= Task directions =
Without including any picture, repeat the records below exactly.

= Task inputs =
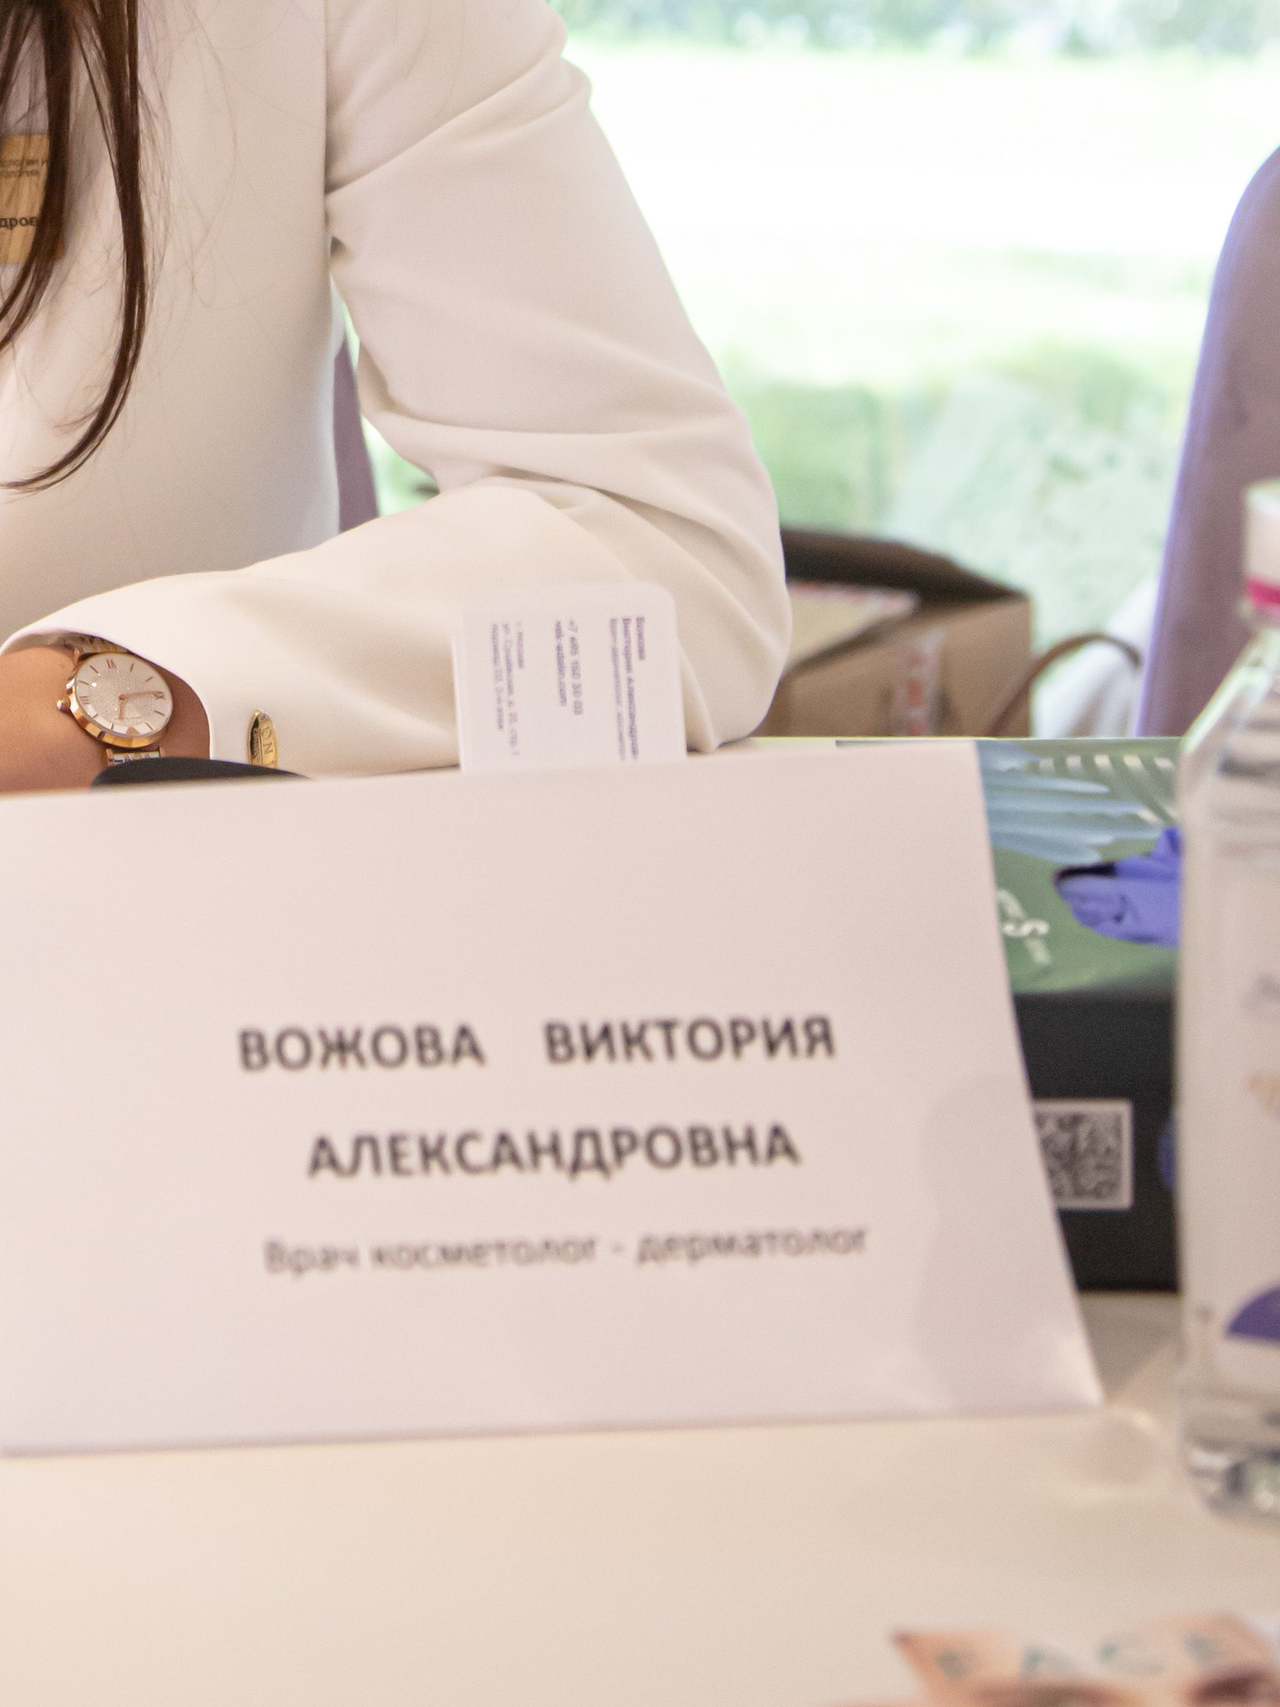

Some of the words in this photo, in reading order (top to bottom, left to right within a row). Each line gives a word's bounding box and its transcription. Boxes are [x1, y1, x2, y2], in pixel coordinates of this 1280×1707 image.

[239, 1023, 488, 1075] ВОЖОВА
[545, 1014, 835, 1064] ВИКТОРИЯ
[307, 1122, 801, 1182] АЛЕКСАНДРОВНА
[264, 1239, 360, 1280] Врач
[372, 1233, 597, 1269] косметолог
[635, 1225, 868, 1269] дерматолог

= Task result =
Some of the words in this photo, in reading order (top to bottom, left to right within a row). Each line gives a word's bounding box and its transcription. Boxes are [x1, y1, x2, y2], in pixel coordinates of this 1280×1707 image.

[239, 1023, 488, 1075] ВОЖОВА
[545, 1014, 835, 1064] ВИКТОРИЯ
[307, 1122, 801, 1182] АЛЕКСАНДРОВНА
[264, 1239, 360, 1280] Врач
[372, 1233, 597, 1269] косметолог
[635, 1225, 868, 1269] дерматолог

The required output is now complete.